From Ka-Map Wiki

Contents 1 ka-Map! Access Control using Basic HTTP Authentication 1.1 Summary 1.2 The AuthorizedUsers array 1.3 Enabling access control in a new ka-Map! application

[edit] ka-Map! Access Control using Basic HTTP Authentication

Support for simple access control using Basic HTTP Authentication has been added in ka-Map 0.3 (currently CVS).

[edit] Summary

The file htdocs/auth.php provides a simple authentication and access control scheme to allow controlling access to layers and application features by user. It should be possible to write a drop-in replacement for this file to implement different access control mechanisms.

The current implementation uses PHP's $_SERVER['REMOTE_USER'] variable to lookup the authenticated visitor name. This implies that user/password validation is handled by Apache using Basic Authentication (.htaccess + htpasswd files).

If $_SERVER['REMOTE_USER'] is not set then access control is disabled, or in other words everything is wide open.
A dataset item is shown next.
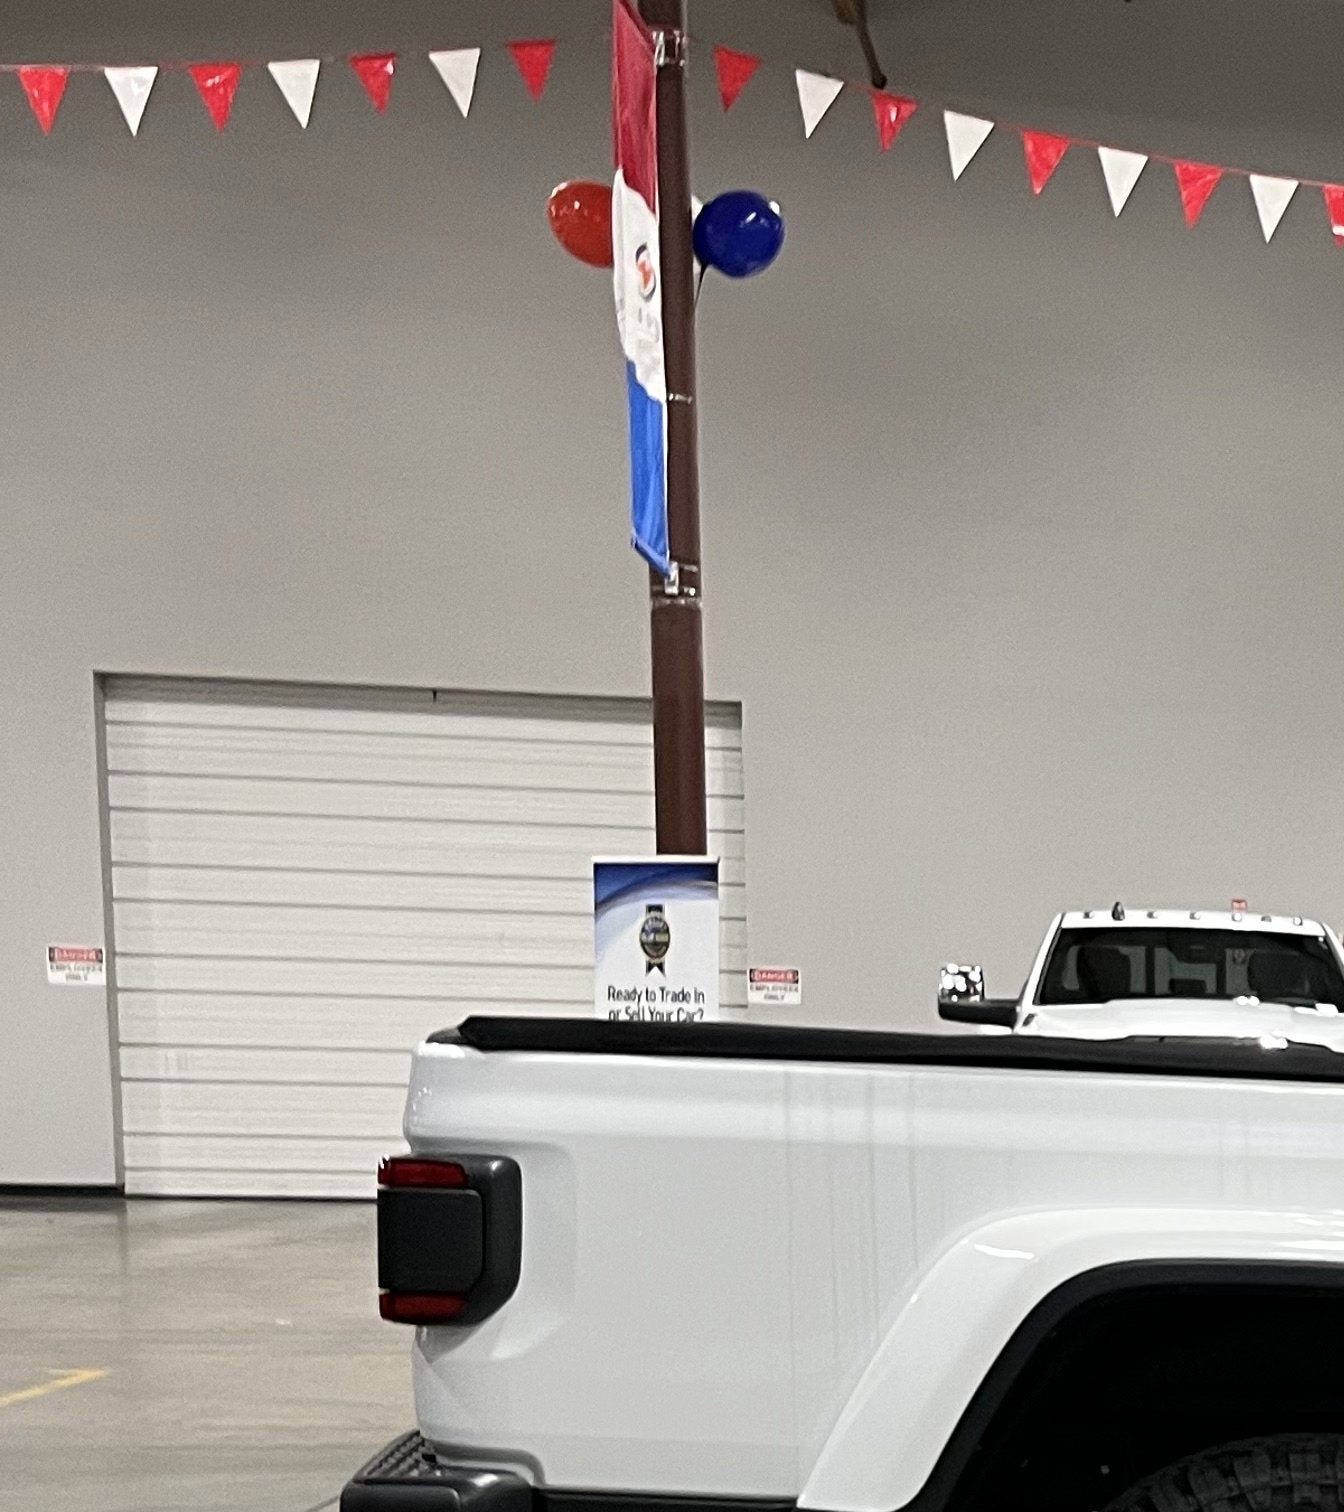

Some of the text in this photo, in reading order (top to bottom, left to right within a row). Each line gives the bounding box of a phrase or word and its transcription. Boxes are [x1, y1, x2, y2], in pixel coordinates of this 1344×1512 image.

[608, 985, 705, 1004] Ready to Trade In
[648, 1006, 673, 1021] Your
[edit] The AuthorizedUsers array

The kaBasicAuthentication() constructor which is called in config.php (commented out by default) takes an AuthorizedUsers array as argument that contains a list of privileges and for each privilege the list of user ids that are authorized to access this named privilege.

The privilege name can be either a map layer/group name, or an application feature.

e.g. array( 'layer1' => array('user1', 'user2', 'user3'),
            'layer2' => array('user1', 'user2'),
            'tool.identify' => array('user1') )

If no entry is set for a given privilege in the AuthorizedUsers array then this privilege is available to all (i.e. testPrivilege() will always return TRUE for this privilege).

[edit] Enabling access control in a new ka-Map! application

By defaut the access control feature is diabled when you get the CVS or release version of ka-Map!. It needs to be enabled by:

1- Setting up Basic HTTP Authentication in your Apache configuration (see the Apache documentation for this step).

2- Commenting out the following lines in config.php:

 /******************************************************************************
  * Authentication and access control:
  *
  * Uncomment the following lines to load auth.php and enable access control.
  * See docs at the top of auth.php for more details.
  */
 include_once('auth.php');
 $oAuth = new kaBasicAuthentication(&$aszMapFiles[$szMap]['authorized_users']);

3- Adding an 'autorized_users' entry to the $aszMapFiles[] arrays for each of your mapfiles.

e.g.

 $aszGMap = array (
        'title' => 'GMap 75',
        'path' => '../../gmap/htdocs/gmap75.map',
        'scales' => array( 40000000, 25000000, 12000000, 7500000, 3000000, 1000000 ),
        'format' =>'PNG',
        'authorized_users' => array('popplace' => array('user1', 'user2'),
                                    'park'     => array('user1') )
  );

In the example above, the '__base__' layer group is available to all (since there is no entry for it in the authorized_users array), the 'popplace' group is available to user1 and user2, and the 'park' group is available to user1.

(Note the popplace and park groups are not defined by default in the gmap75.map mapfile so this example may not work with the stock gmap demo unless you define those two groups in the mapfile.)